• WHAT THE EXERCISE ASKS:
From the first line to the last, output the records exactly and drop any images.

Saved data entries
____

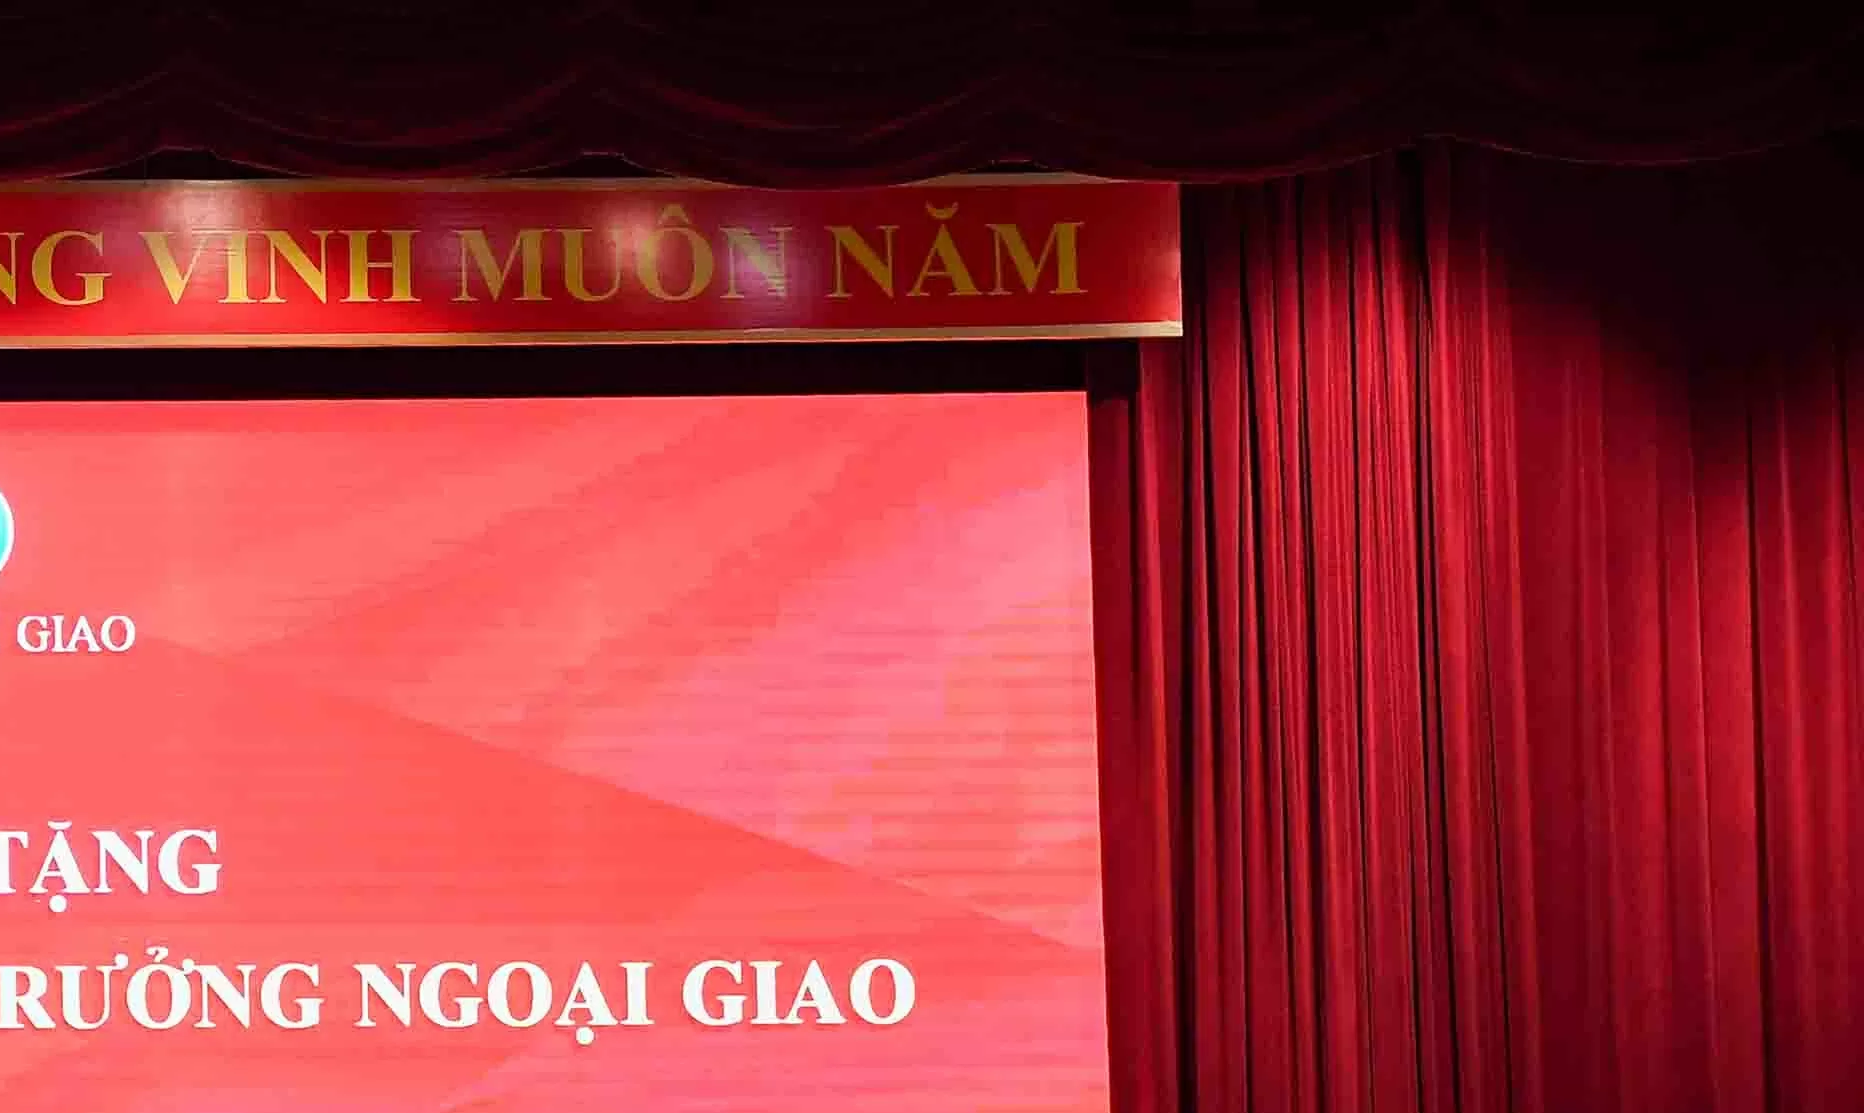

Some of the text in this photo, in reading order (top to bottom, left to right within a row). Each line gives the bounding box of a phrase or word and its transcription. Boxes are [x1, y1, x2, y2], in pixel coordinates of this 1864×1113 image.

[137, 228, 422, 306] VINH
[456, 204, 790, 303] MUÔN
[827, 202, 1091, 299] NĂM
[17, 615, 136, 653] GIAO
[353, 961, 654, 1045] NGOẠI
[682, 958, 916, 1026] GIAO
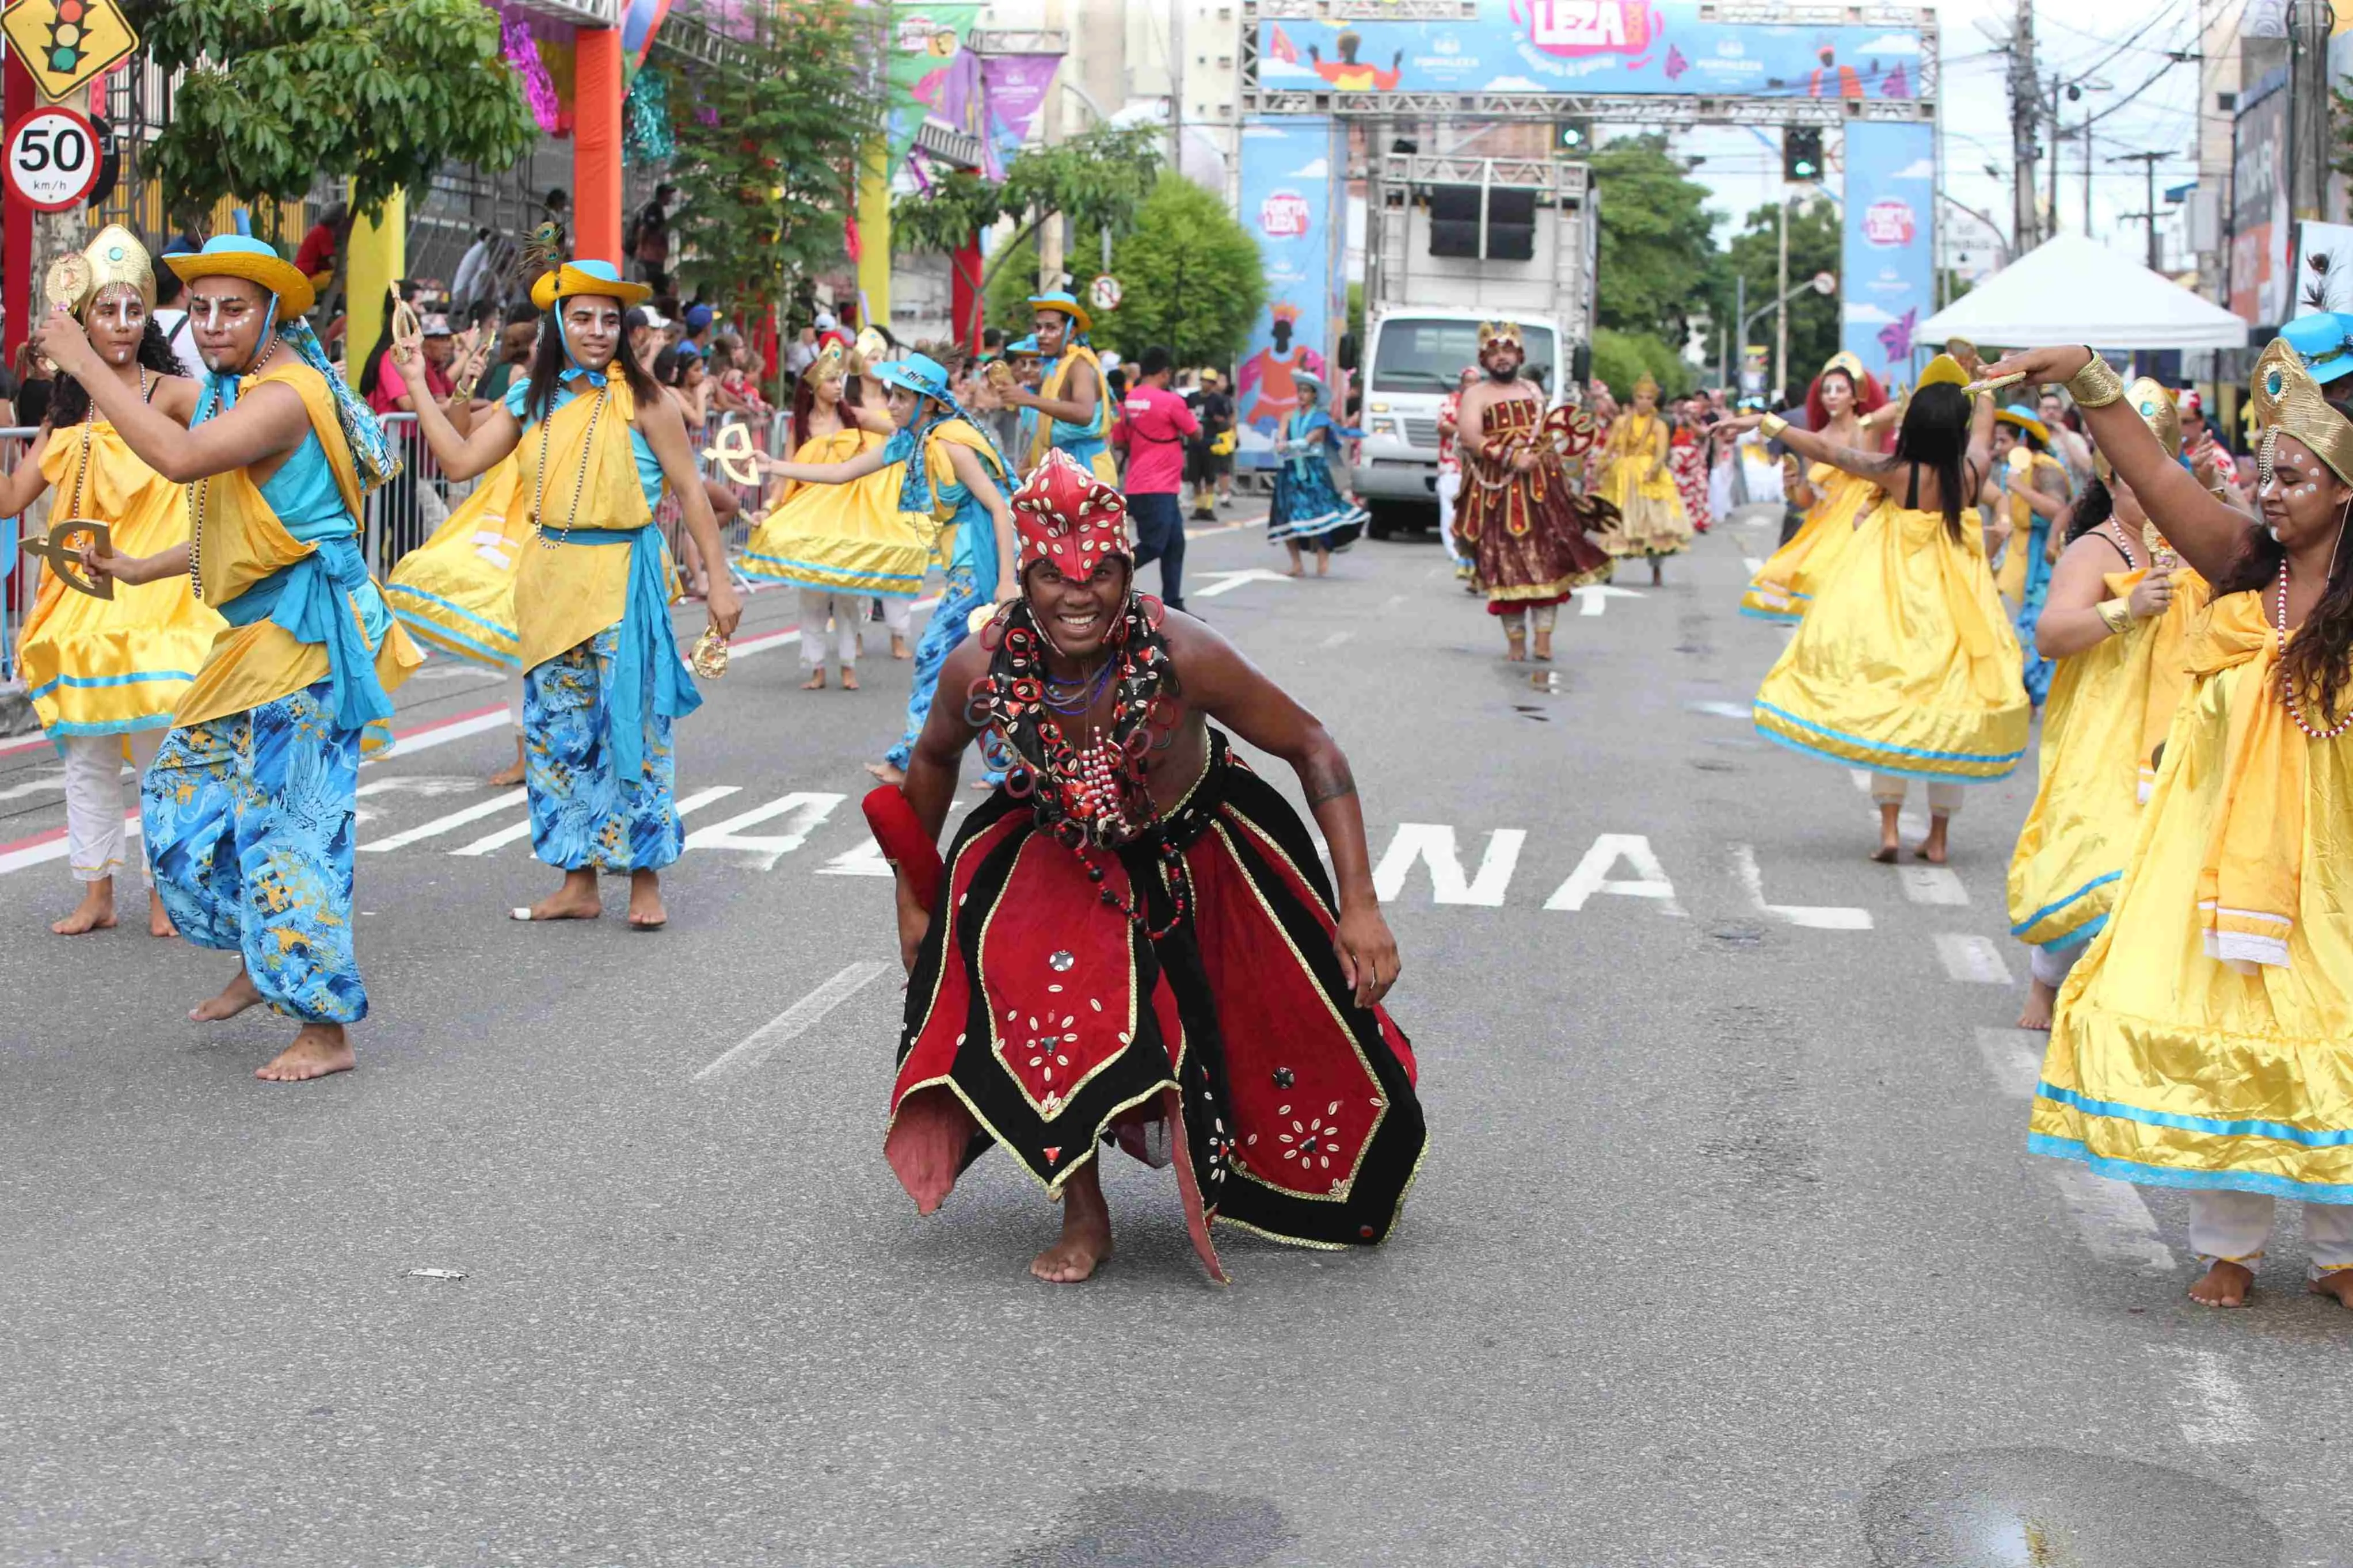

____

• TASK SOLUTION:
Some of the text in this photo, in reading order (top to bottom, left to right within a row). Each line gives the bounding box of a phrase or word and its transcription. Boxes are [x1, y1, x2, y2], in pixel coordinates of this 1864×1113 image.

[137, 228, 422, 306] VINH
[456, 204, 790, 303] MUÔN
[827, 202, 1091, 299] NĂM
[17, 615, 136, 653] GIAO
[353, 961, 654, 1045] NGOẠI
[682, 958, 916, 1026] GIAO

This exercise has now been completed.